When Talbot arrived the only notable buildings in Ballyconnell were the Catholic church at the top of Church Street (Site number 1815, Doon townland, Archaeological Inventory of County Cavan, Patrick O’Donovan, 1995, p. 230) and an old McGovern fort. The rest of the buildings were mud huts belonging to the Irish natives. In September 1611, a survey by Lord Carew (later created The 1st Earl of Totnes) found that Talbot had built a strong timber house and two other wattled houses (Site number 1798, Annagh townland, Archaeological Inventory of County Cavan, Patrick O’Donovan, 1995, p. 228). He had also felled 40 trees but did no other work.[14]

By 1613 Talbot had progressed with building work. Sir Josias Bodley reported on 6 February 1613-Porportion No. 29: 1,500 acres. On the proportion undertaken by Capt. Culme and Walter Talbot, there are 3 or 4 handsome Irish houses by them built, and some provision made towards the building of a castle in a most convenient place for occasions of service, being near a special ford or passage, by which in times past that county was much infested; the quarry of limestone and building stone is on the place, good store of lime already burnt, and of building stone digged, much timber and planks drawn thither already, and the rest provided in a wood not above a mile off, so that this next summer the whole work, I suppose both of castle and bawn will be perfected.[15] There was no bridge at Ballyconnell in 1613 but it appears on the 1656 Down Survey map so the first bridge must have been built between 1613 & 1656;[16] the present bridge was erected in the 1830s. In 1617 Connor and Terence O'Sheridan were granted a licence to make and sell spirituous liquors in Balliconnell and throughout Tullagha barony.[17]

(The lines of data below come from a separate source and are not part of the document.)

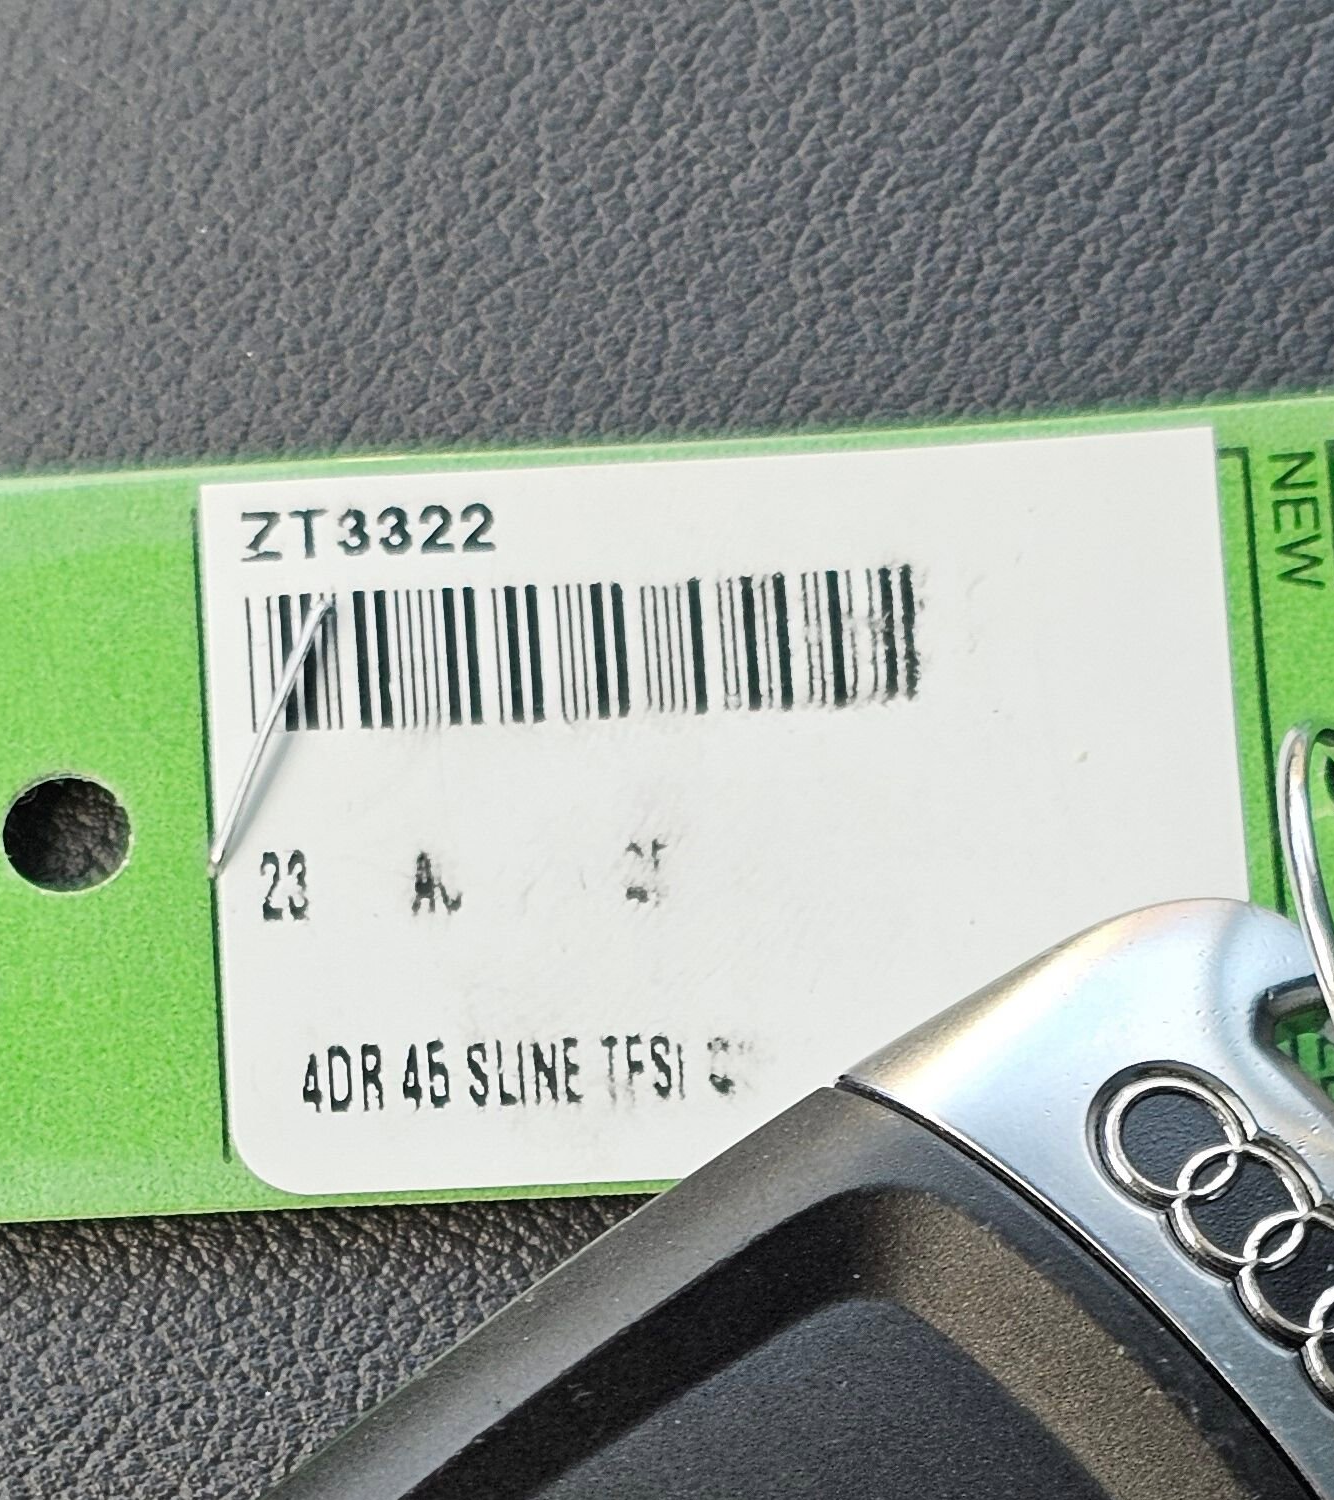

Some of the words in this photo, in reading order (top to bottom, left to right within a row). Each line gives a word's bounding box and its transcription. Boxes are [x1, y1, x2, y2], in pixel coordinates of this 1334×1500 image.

[240, 502, 497, 563] ZT3322
[1269, 449, 1325, 591] NEW
[259, 849, 309, 921] 23
[302, 1043, 384, 1113] 4DR
[402, 1037, 450, 1112] 45
[466, 1037, 584, 1108] SLINE
[600, 1033, 687, 1106] TFSI
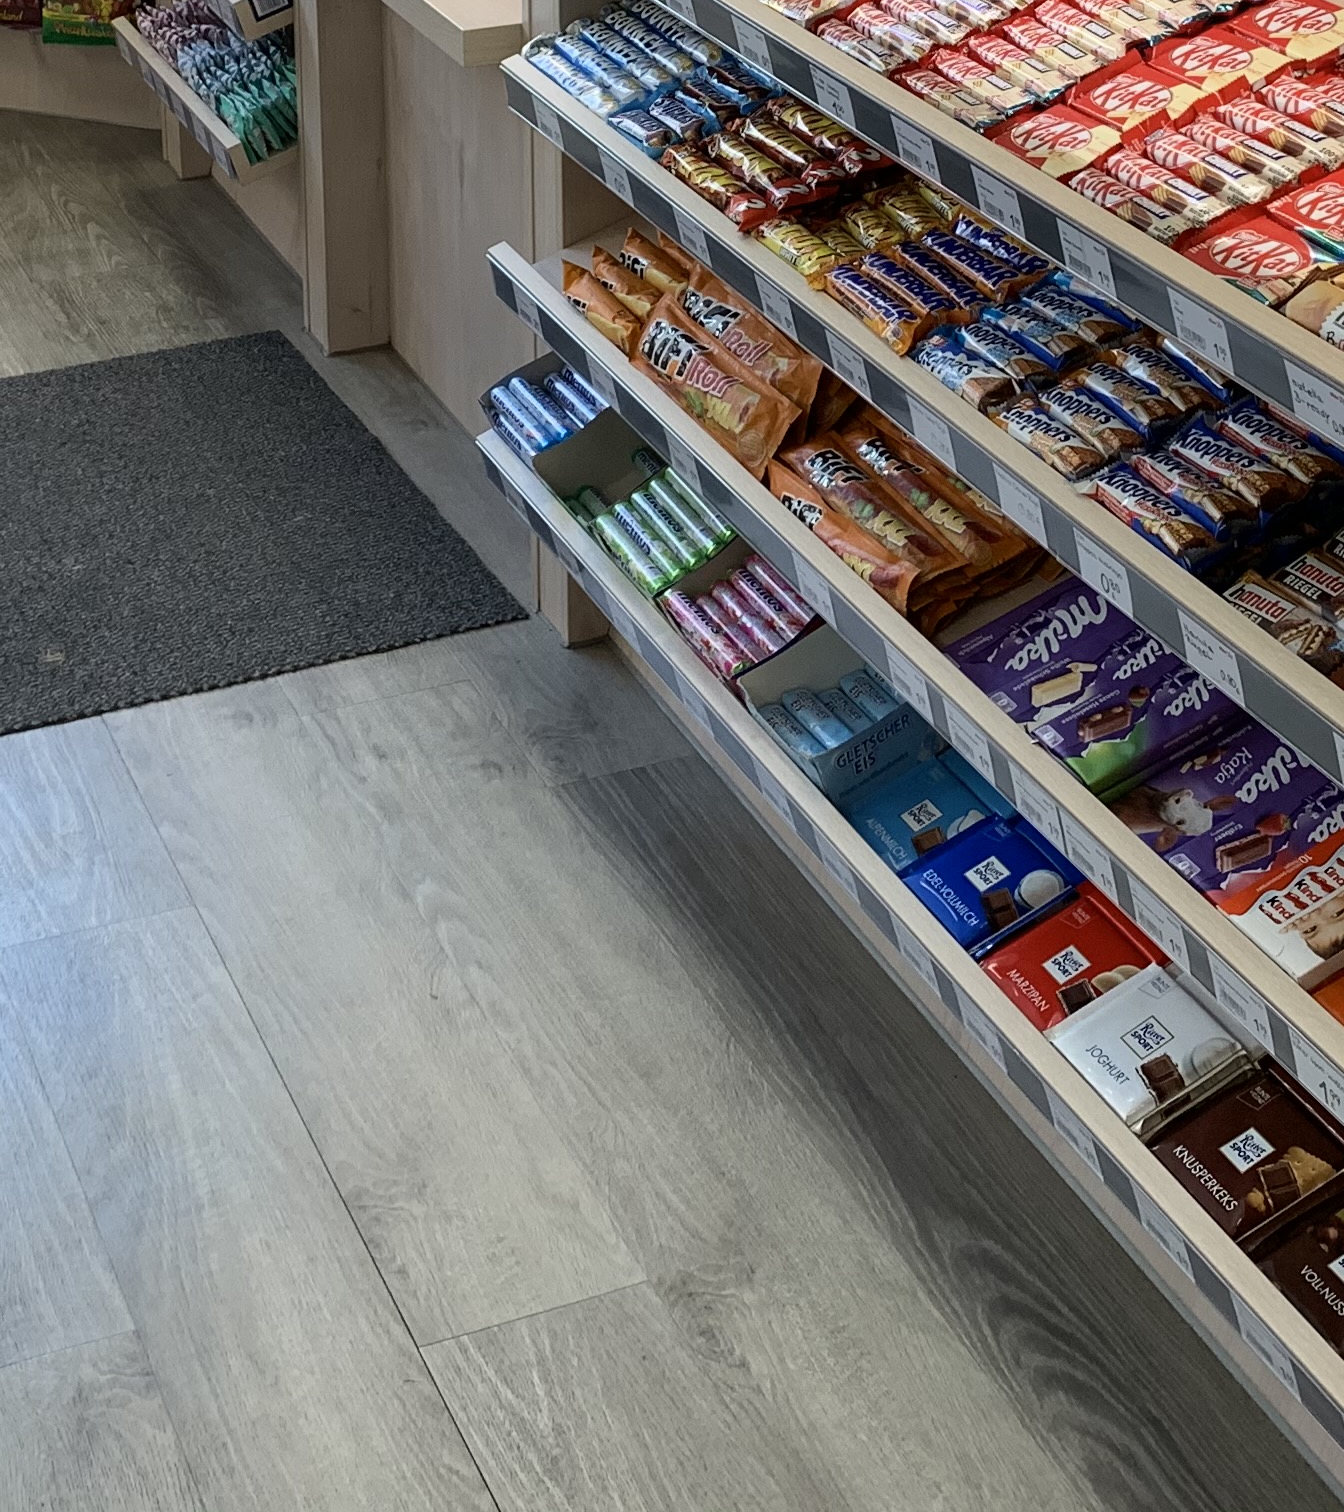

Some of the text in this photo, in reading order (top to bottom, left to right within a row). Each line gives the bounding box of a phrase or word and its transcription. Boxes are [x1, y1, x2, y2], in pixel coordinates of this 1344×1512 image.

[1172, 39, 1253, 73] KitKat
[1092, 78, 1173, 109] KitKat
[724, 330, 773, 366] Roll
[687, 356, 743, 397] Roll
[1178, 430, 1258, 468] Knoppers
[1105, 470, 1183, 518] Knoppers
[1230, 584, 1287, 622] hanuta
[1284, 574, 1320, 600] RIEGEL
[1004, 592, 1108, 672] Milka
[835, 712, 912, 770] GLETSCHER
[854, 753, 877, 775] EIS
[1214, 746, 1252, 783] Katja
[865, 817, 908, 862] ALPENMILCH
[923, 868, 979, 928] EDEL-VOLLMILCH
[1006, 968, 1050, 1013] MARZIPAN
[1085, 1044, 1130, 1086] JOGHURT
[1173, 1145, 1238, 1211] KNUSPERKEKS

By 1619 Pynnar's Survey of Land Holders found that Talbot had built a strong defensive wall called a bawn, which was a square measuring 100 feet (30 m) along each side and 12 ft high, with two flanking towers. Within the bawn was erected a strong castle of lime and stone three stories high which "stands in a very good and convenient place for the strength and service of the country".[18]

In August 1622 another survey found that- Walter Talbot has 1,500 acres called Ballyconnell, upon which there is builded a strong castle of stone and lyme, with two flanckers at each cross corner. This castle and ye flanckers are three stories and a half high and standeth in a very good place and convenient for the strength and defence of that parte of the country which is an obscure and bordering corner of the countie. Mr Walter Talbott, his wife and familie are now dwelling there. There are severall Palemen estates, some in fee farm, some for lives and some for yeares, upon part of the land; the rest are leased to natives of the country. The said Walter Talbott and all his tenants are recusants. Armes in the castle are 11 pikes, 3 callivers, 5 head peeces, 3 targetts and 1 halbert.[19] The castle was destroyed in a fire in 1688 and Ballyconnell House was erected on its site in Annagh townland.[20] However, some of the ruins are still visible and a section of the bawn wall was recently uncovered in an archaeological excavation.[21]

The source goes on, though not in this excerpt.